'There's no one to ask for help' - Highland GP reveals what it is like to be an expedition medic
Clare Connelly-Cottet’s training to be a GP in the remote and rural Highlands will prepare her to be the only doctor available in some situations.
But Ms Connelly-Cottet is already used to this, having been the designated medic on several private expeditions across the world, including in Tanzania, North America, South America and northern Norway and Sweden.
She has also been even further afield on her own adventures with her husband, taking time out of work to cycle across the Pamir and Karakoram mountains, trek across the Himalays on foot and cycle and hike from the top of Mt Kenya to Kilmanjaro.
Ms Connelly-Cottet, who is in training at Fort William, said she has a “yearning” to go outside and be active.

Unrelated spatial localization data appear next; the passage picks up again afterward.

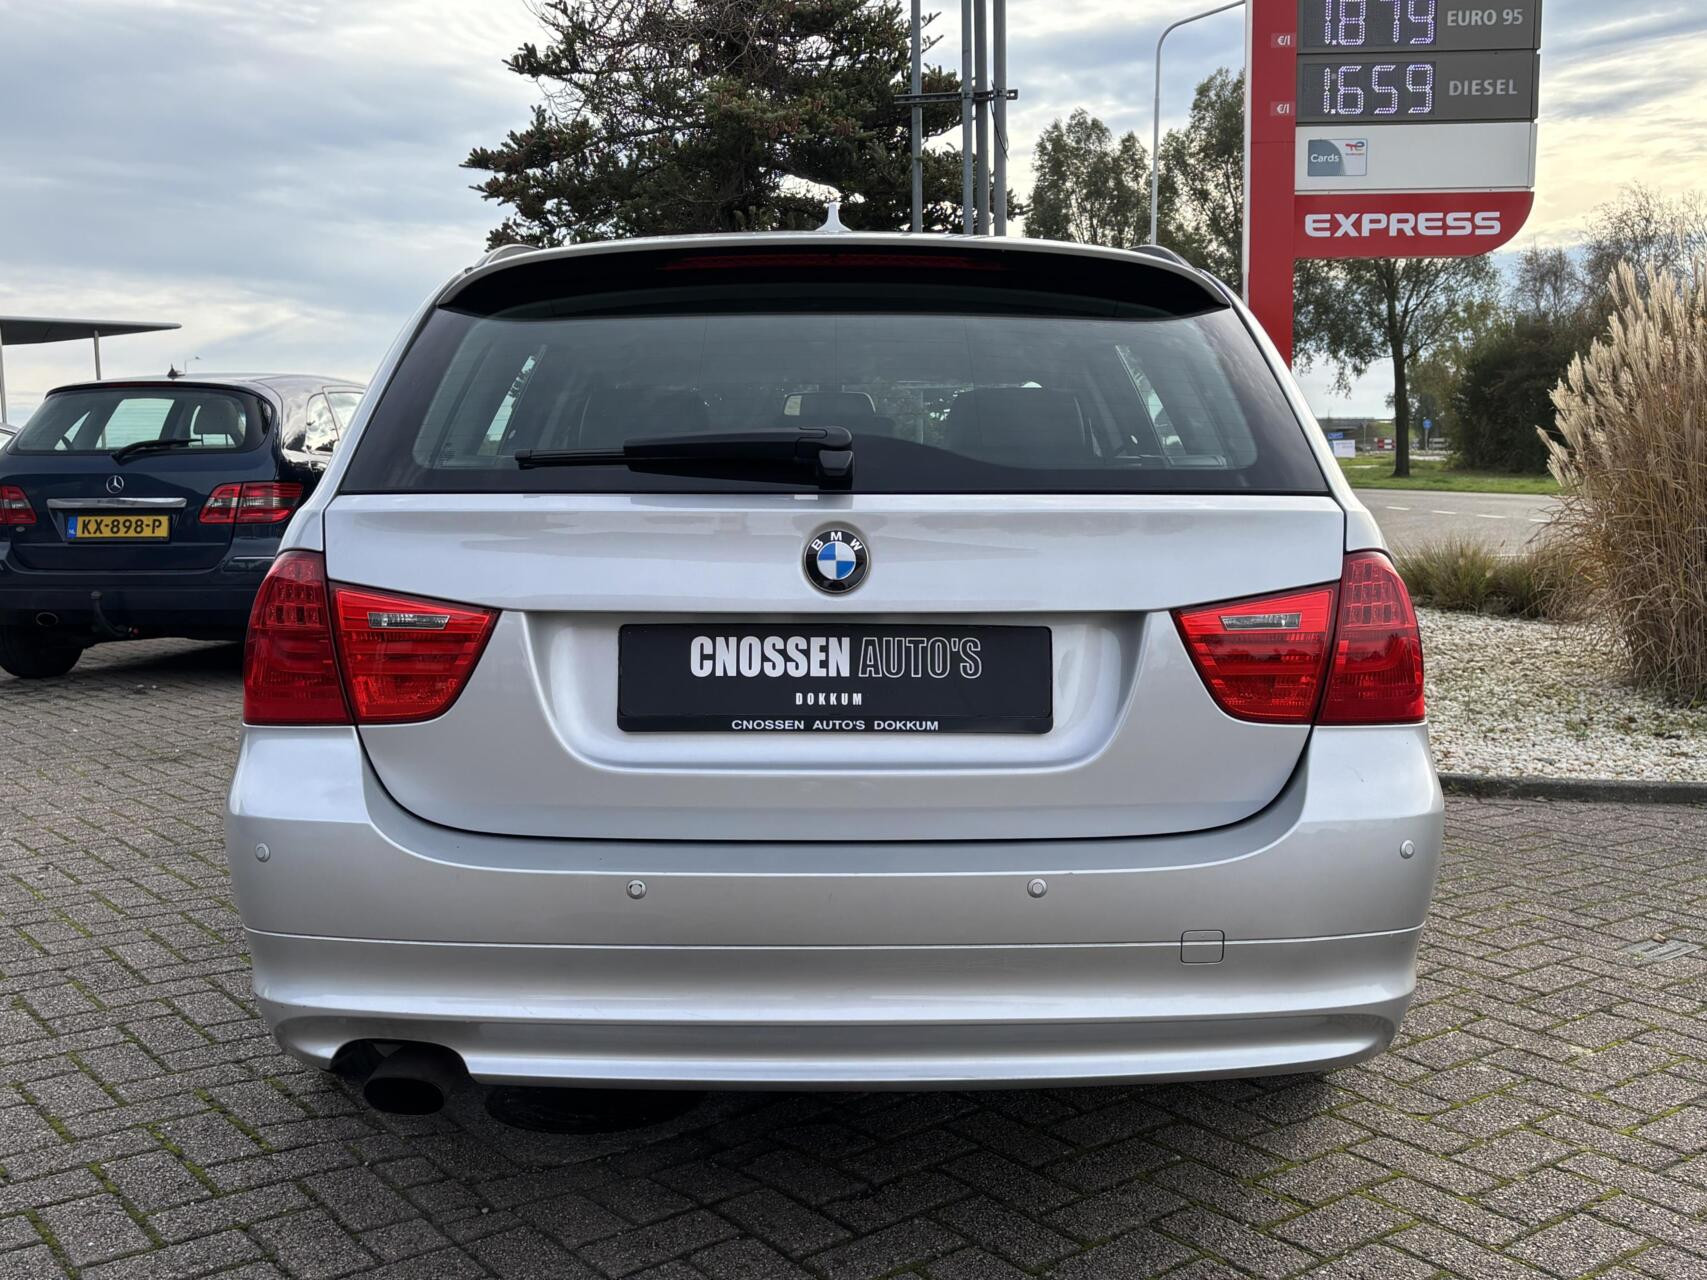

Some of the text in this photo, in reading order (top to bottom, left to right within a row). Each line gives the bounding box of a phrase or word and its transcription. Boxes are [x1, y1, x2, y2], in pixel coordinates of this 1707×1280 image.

[1325, 0, 1523, 45] 1.879 EURO 95
[1323, 64, 1518, 115] 1.659 DIESEL
[1310, 153, 1340, 163] Cards
[1304, 211, 1501, 238] EXPRESS
[81, 518, 162, 535] KX-898-P
[811, 531, 863, 551] BMW
[690, 635, 983, 679] CNOSSEN AUTO'S
[795, 692, 863, 706] DOKKUM
[731, 719, 939, 731] CNOSSEN AUTO'S DOKKUM

But she adds her need for adventure is more than this: “It's going to places where you need to go back almost to primal instincts, your survival is based on the decisions that you make when you're out there,” she says.
“That's something we're so far removed from in our comfortable modern lives that it just feels really real when you're out there.”

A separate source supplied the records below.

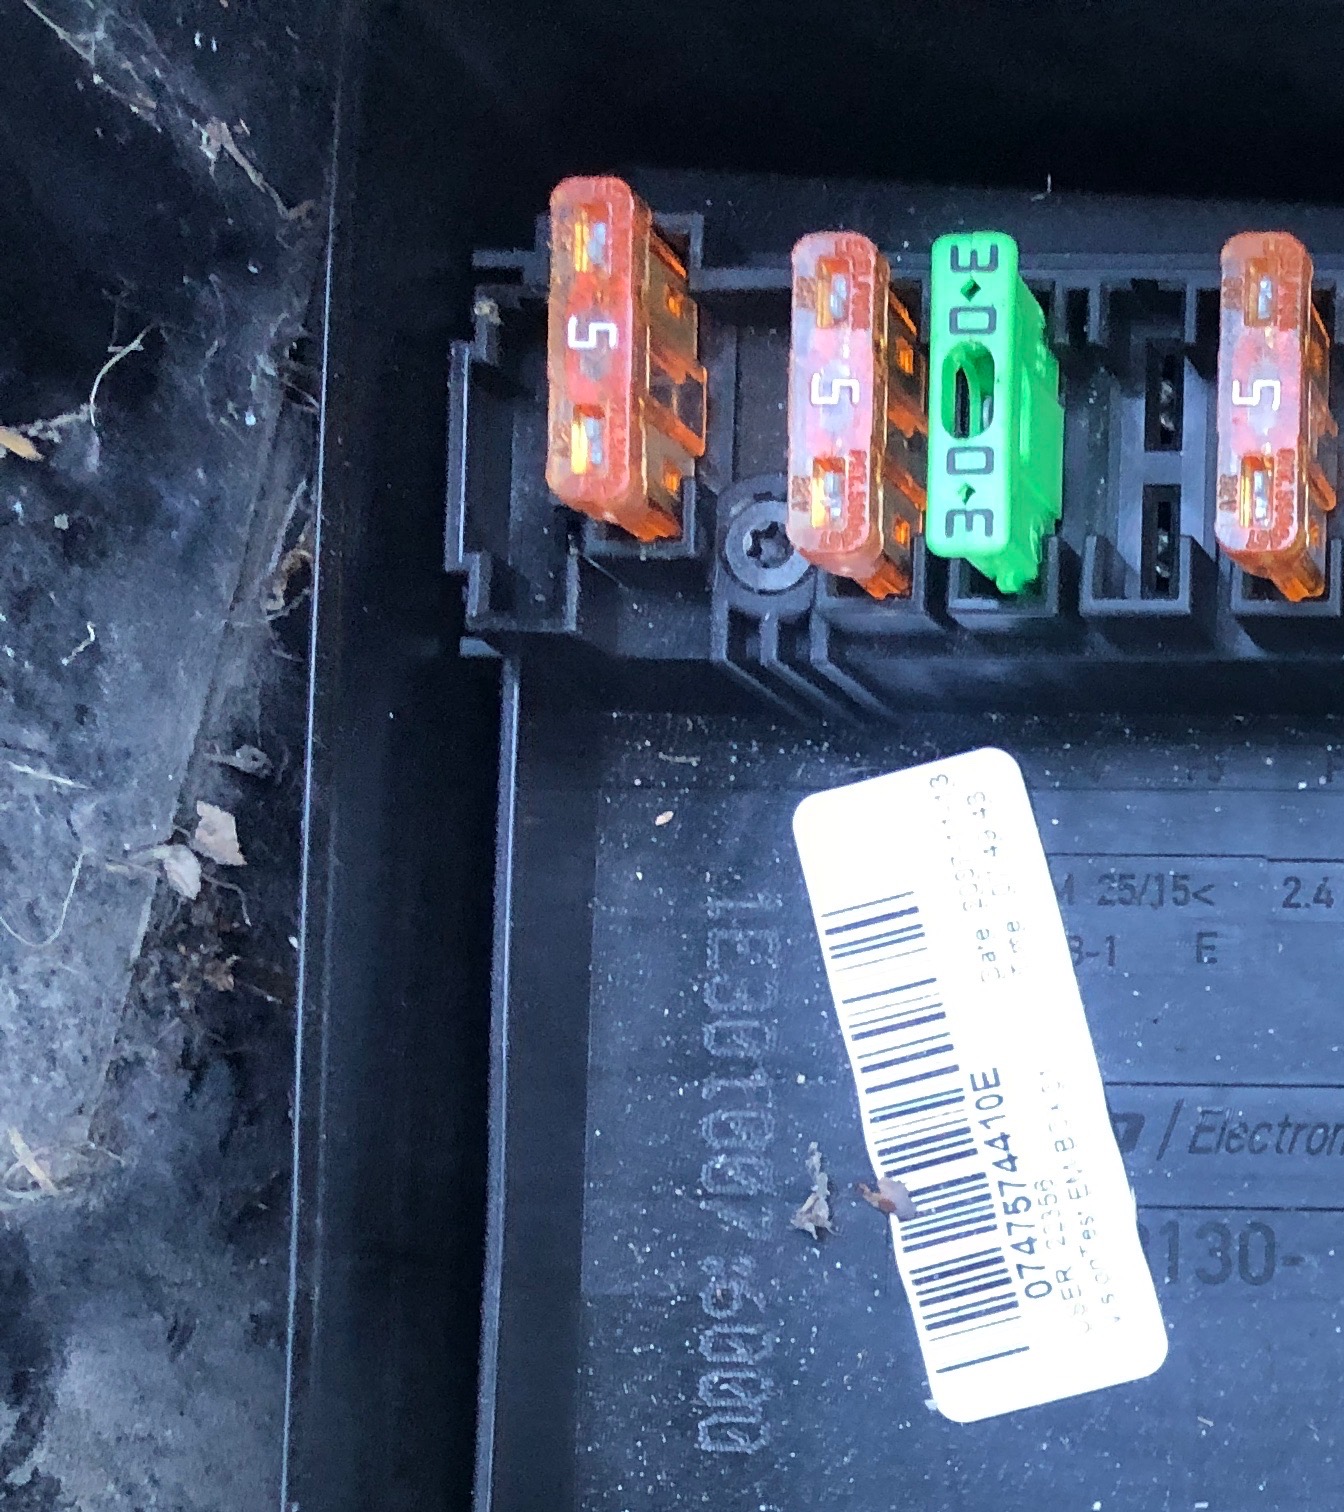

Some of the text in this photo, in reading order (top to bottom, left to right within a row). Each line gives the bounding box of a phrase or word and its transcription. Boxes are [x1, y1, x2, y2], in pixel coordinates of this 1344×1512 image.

[568, 315, 620, 351] 5
[810, 372, 860, 407] 5
[1232, 378, 1281, 413] 5
[1281, 874, 1335, 911] 2.4
[1003, 918, 1030, 974] Tme
[1196, 930, 1220, 964] E
[968, 1065, 1053, 1301] 0747574410E
[1141, 1218, 1306, 1287] 130-

The 31-year-old has negotiated periods of leave from her training in order to fulfil her desire to travel, and wants to encourage other doctors to have adventures alongside their working lives as well.
"When you do that and you're fulfilled in that area of your life, then you have more to give when you come back,” she says.
Not all experiences have been positive however, and during a trip to East Africa in 2020 Ms Connelly-Cottet and her husband Antoine were robbed.
The couple were in a taxi in Zanzibar when it was hijacked by a group of men who held them captive for over four hours.
They were driven to an isolated area and surrounded by at least 20 men, Ms Connelly-Cottet said, before being searched, threatened with physical violence, and driven around for hours to retrieve cash from different ATMs.
The thieves eventually let the pair go, first stripping them of all cash, bank cards and valuable photography equipment.
This harrowing experience made it difficult to trust people at first, but the couple returned to travelling in 2021, and were able to return to the Himalayas as planned before the pandemic.
Her adventures abroad help prepare for being an expedition medic, Ms Connelly-Cottet said, as she is more able to cope on expeditions when she needs to be comfortable enough to give aid to others.
These expeditions are also good preparation for being a GP, she said, as while the type of medicine is very different, the need to make decisions on your own is good training.
“Medicine is a very team-based career. You always have someone to bounce ideas off, if you're a GP practice, then with your GP colleagues, if you're in hospital, you usually have senior doctors and junior doctors,” she said.
“When you’re out on an expedition it is just you.
“You usually don't have a phone signal, so I think the most daunting part is learning to do it on your own.
“But I think that's been a huge benefit when you come back into regular medicine, you do have a bit more confidence in your diagnostic skills.
“I think they work really well together.”